Barnes, a Northern California native, “made it” in the NBA after a two-year stint with the Warriors that included eighth-seeded Golden State’s upset of No. 1 seed Dallas in the 2006-07 playoffs. He started 23 games that season and averaged a shade under 10 points per game after bouncing around the league his first couple years.
When the Suns signed Barnes to a one-year, $1.2 million deal it looked to be a steal 21 games in, as the swingman averaged 12.8 points per game in 30.1 mpg while shooting 49 percent from the field and 44 percent from three-point range.
He started the majority of those games, before the Suns decided it would be better for Grant Hill to play with the first unit. That decision has been a major boon for Hill but just as big of a detriment to Barnes after he initially played well as a reserve.
In his past 20 games starting with the Dec. 20 contest against Denver, Barnes is averaging just 6.8 ppg in 21.4 mpg while shooting 33.6 percent from the floor and 24 percent from long range, scoring three points or fewer in six of them.
Barnes has complained about his lack of playing time, but that’s an old chicken and the egg question: Is Barnes playing worse because his minutes are down or are his minutes down because he isn’t playing so well?
Three weeks ago I wrote about Barnes’ struggles and how he’s regressing to the mean of his career statistical values, and that couldn’t be more true now after his numbers were career highs when extrapolated for an entire season 21 games in.
Despite the slump, Barnes is still averaging career highs in points (9.9), rebounds (5.4) and minutes (25.9) and his overall season shooting numbers (42.5 percent from the field, 36.1 percent from three) are in line with his career stats.
Playing in front of 23 relatives and friends and a fan base that used to love him, I’m wondering if tonight just might be the night Barnes turns his season back around.
“I’m definitely looking forward to it,” Barnes told The Arizona Republic. “I’ve just got to go out there and play. I’ve been thinking too much lately, so I’m not going to press.
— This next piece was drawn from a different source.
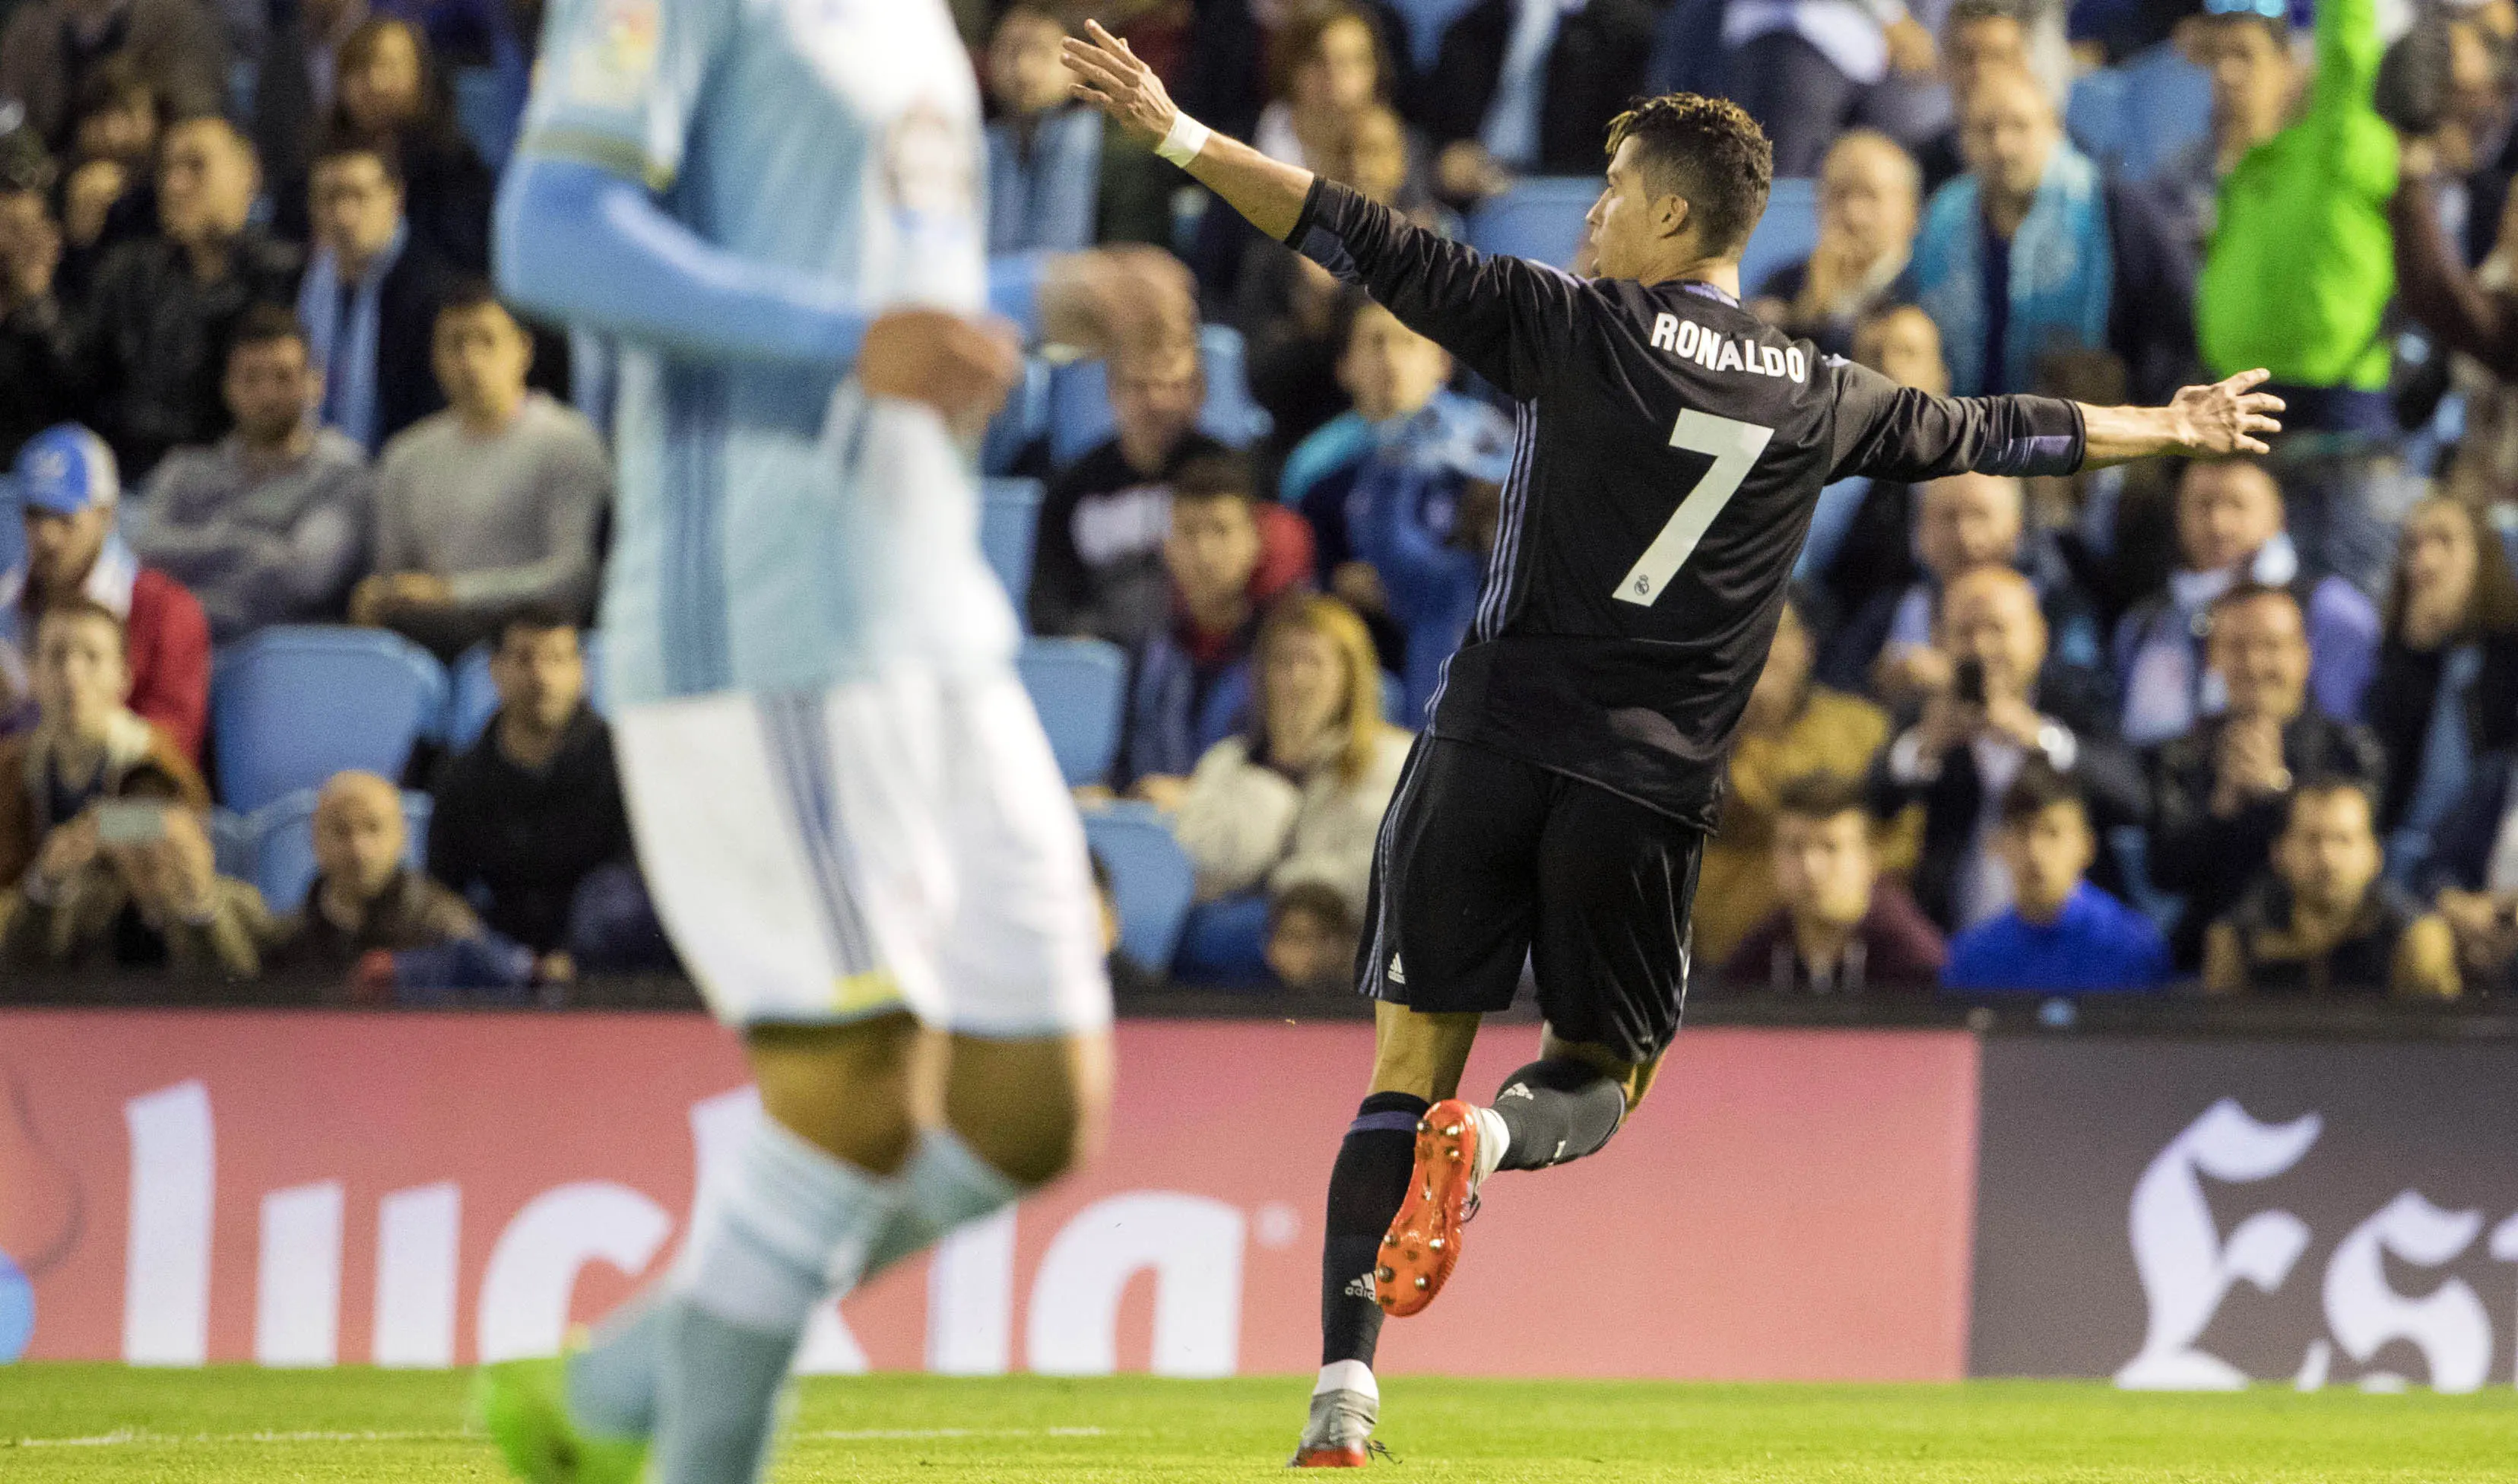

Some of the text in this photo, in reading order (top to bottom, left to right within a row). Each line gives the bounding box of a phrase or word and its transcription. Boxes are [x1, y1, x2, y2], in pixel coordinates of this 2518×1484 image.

[1651, 312, 1806, 383] RONALDO
[1612, 407, 1775, 607] 7
[1345, 1286, 1377, 1302] adid
[2113, 1096, 2518, 1394] Es
I’m just going to shoot the shots and play hard.”
This game will also mark the second time six-year Warrior Jason Richardson returns to the city in which he became a dangerous NBA scorer.
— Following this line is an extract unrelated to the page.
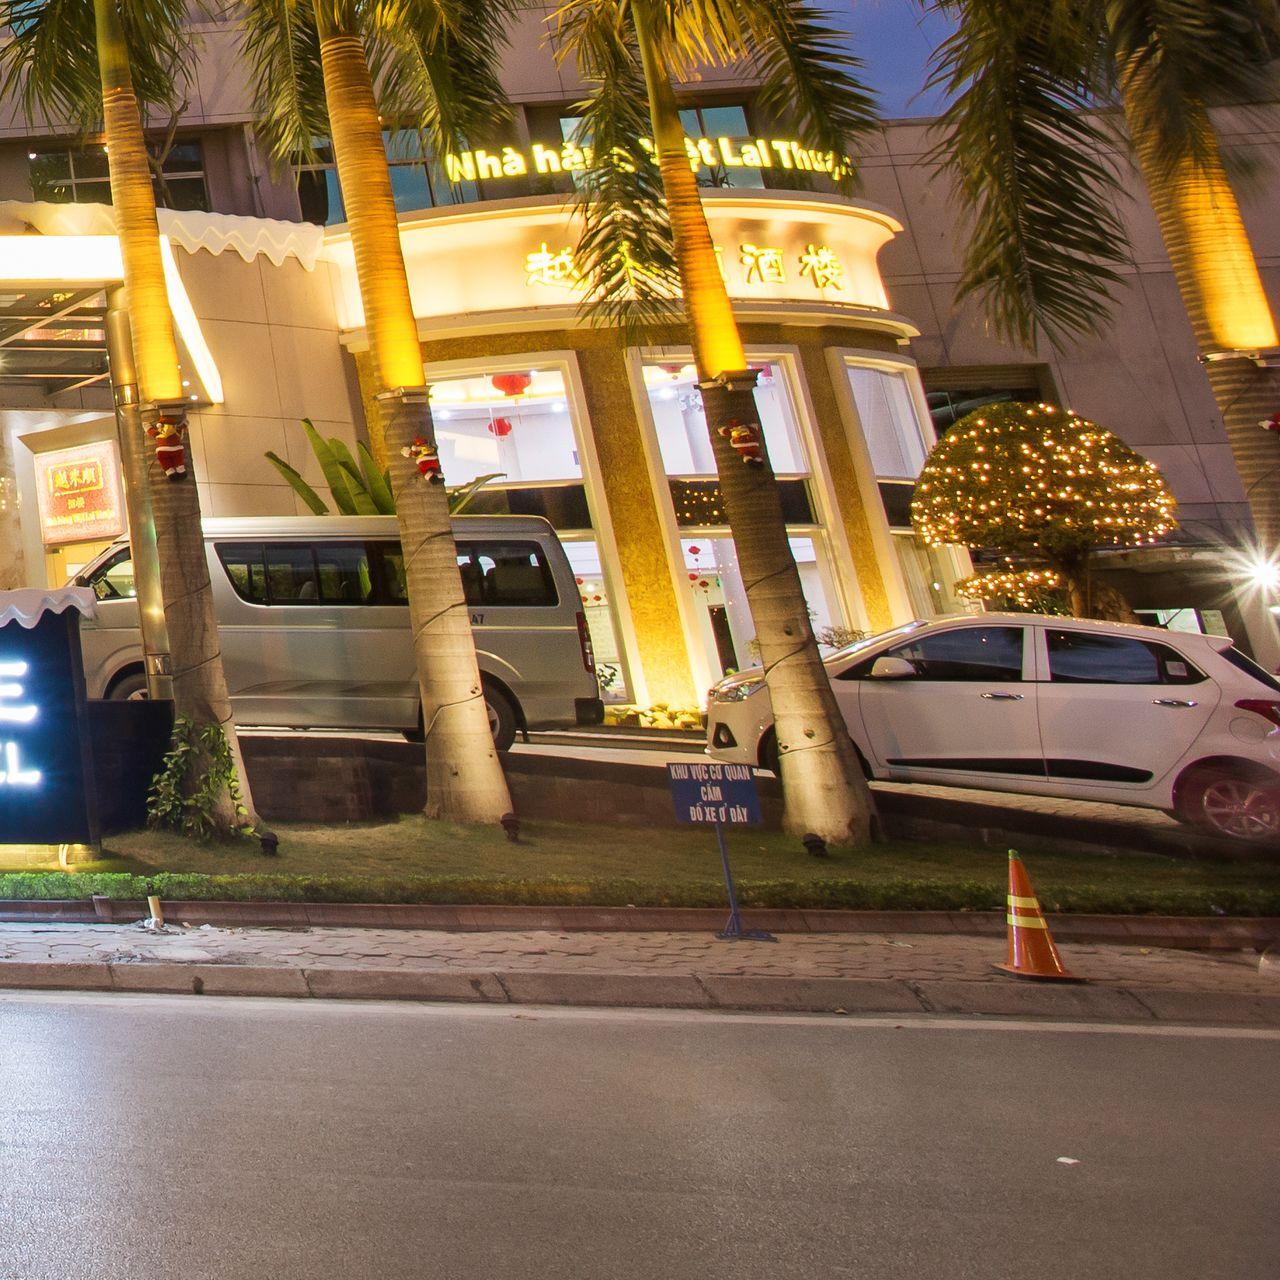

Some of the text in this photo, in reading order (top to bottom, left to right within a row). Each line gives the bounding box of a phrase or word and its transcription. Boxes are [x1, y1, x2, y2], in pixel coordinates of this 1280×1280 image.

Last year’s visit with the Charlotte Bobcats was an emotional affair in which fans cheered him in the layup line, gave him a standing ovation and wore his “23″ jerseys en masse. The Warriors even played a video tribute for their former star.
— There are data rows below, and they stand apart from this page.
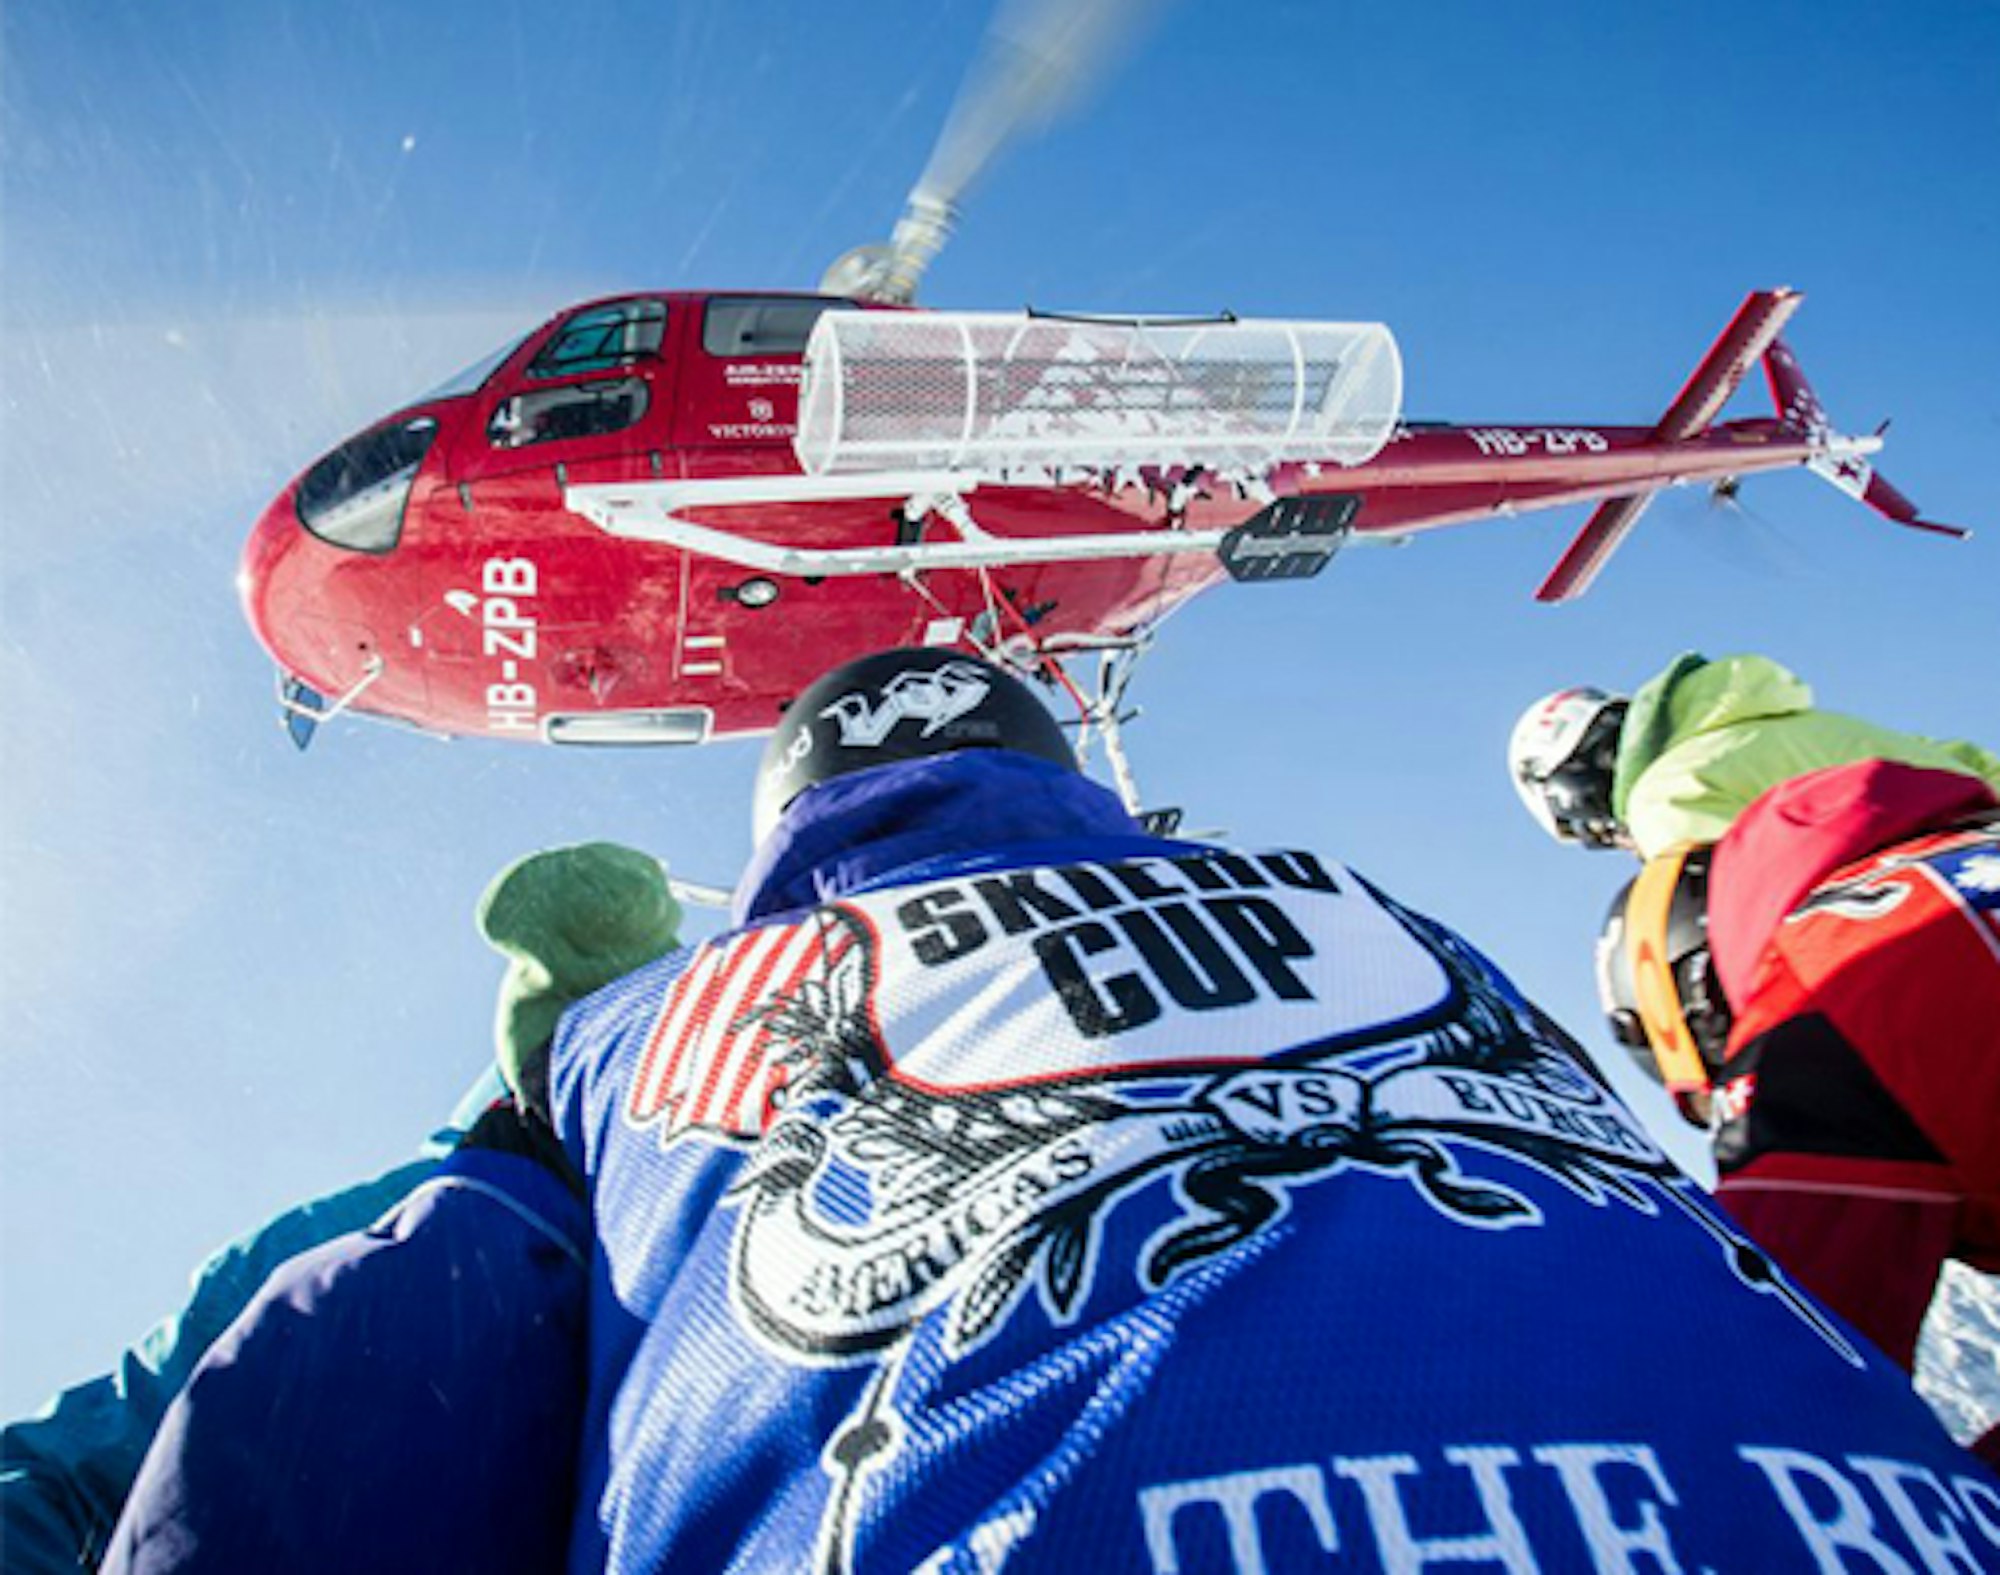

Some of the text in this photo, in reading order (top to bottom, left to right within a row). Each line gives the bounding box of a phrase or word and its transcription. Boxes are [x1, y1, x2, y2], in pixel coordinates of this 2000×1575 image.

[1467, 427, 1609, 455] HB-ZPB
[483, 556, 538, 731] HB-ZPB
[1031, 894, 1320, 1039] CUP
[1226, 1079, 1340, 1120] VS
[1136, 1444, 1720, 1575] THE
J-Rich told the Republic “all the emotion is gone now,” but I wouldn’t be surprised if he gets a bit nostalgic if those No. 23 jerseys dot the crowd once again.
The Suns as a team will have a chance to build on their most-prolific scoring game of the season against a Warriors team that’s dead last in the NBA in opponent points per game and 28th in defensive efficiency, with only the Kings and Wizards below them.
Of course, they score a bunch, too, ranking second in scoring but only 13th in offensive efficiency because Golden State plays at the fastest pace in the NBA.
Steve Nash and Co. certainly know how to play that game and maybe just maybe that kind of pace will help Matt Barnes become the player he was to start the season.